Lors d'une réunion ministérielle tenue par visioconférence, sept membres de l'Organisation des pays exportateurs de pétrole et de leurs alliés ont annoncé un ajustement collectif de leur production de 188 000 barils par jour à compter d'août 2026. L'Algerie, l'Arabie saoudite, l'Irak, le Kazakhstan, le Koweït, Oman et la Russie constituent le groupe ayant pris cette décision, annoncée dans un communiqué du ministère des Hydrocarbures d'Alger.
Un geste mesuré pour stabiliser le marché
Selon le communiqué officiel, les pays concernés ont adopté une démarche calibrée, visant à « préserver la stabilité du marché ». La décision s'inscrit dans le cadre d'une « reprise progressive » des réductions volontaires supplémentaires entamées en avril 2023. Pour l'Algérie, l'effet immédiat est concret : le quota national sera relevé de 6 000 barils par jour, ce qui portera la production requise à 1,001 million de barils par jour à compter d'août.
« les sept pays sont convenus de procéder, à compter du mois d’août 2026, à un ajustement collectif de leur production, par une augmentation globale de 188 000 barils par jour »

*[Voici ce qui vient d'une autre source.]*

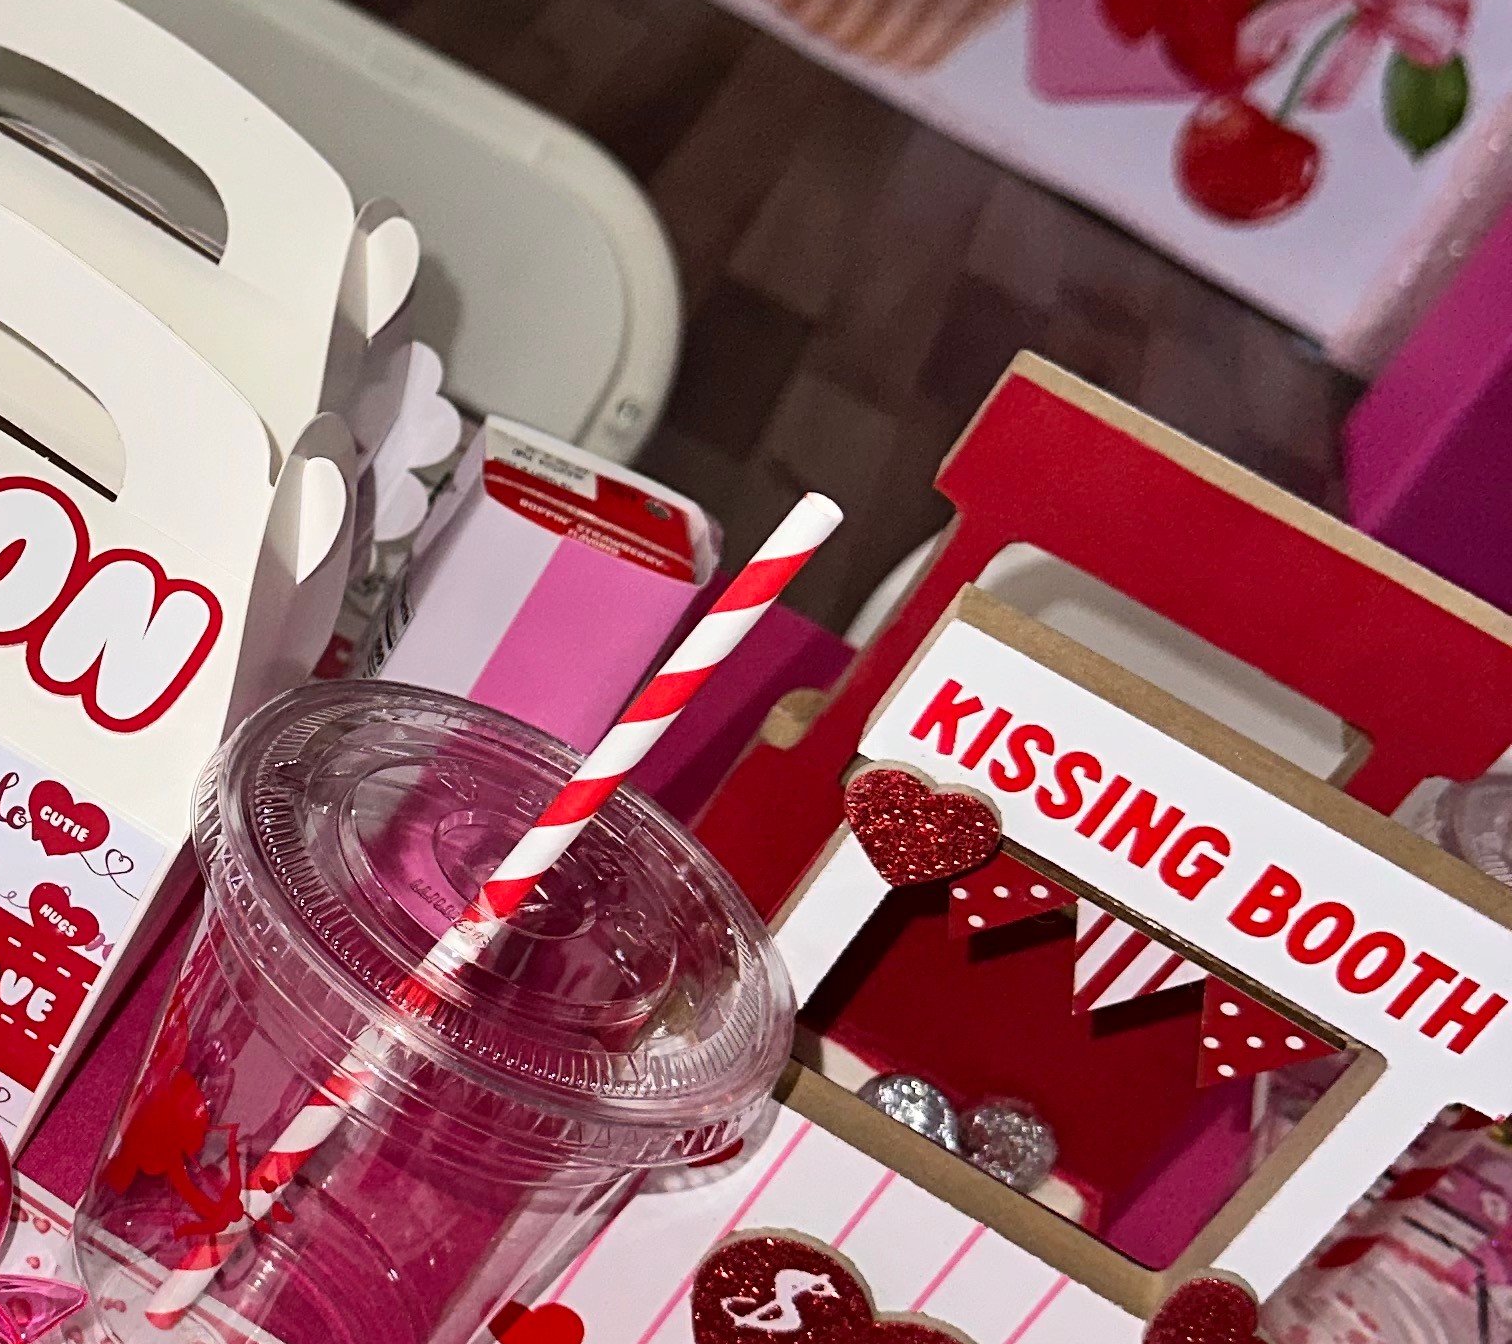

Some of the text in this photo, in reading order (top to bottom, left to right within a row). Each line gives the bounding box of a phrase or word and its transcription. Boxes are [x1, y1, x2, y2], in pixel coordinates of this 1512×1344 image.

Le communiqué de l'OPEP, publié sur son site, rappelle toutefois la possibilité de réintroduire — totalement ou partiellement — les ajustements volontaires supplémentaires en fonction de l'évolution des conditions du marché. L'organisation souligne la nécessité de conserver une flexibilité pour augmenter, suspendre ou inverser la suppression progressive de ces ajustements si les circonstances l'exigent.
Conséquences pour les marchés et les exportations
Cette hausse collective est modeste au regard de la production mondiale, mais elle intervient dans un contexte où les tensions géopolitiques et la logistique maritime ont récemment perturbé les flux d'hydrocarbures. En réintroduisant progressivement de l'offre, les pays de l'OPEP+ cherchent à répondre aux signaux de la demande tout en limitant la volatilité des prix.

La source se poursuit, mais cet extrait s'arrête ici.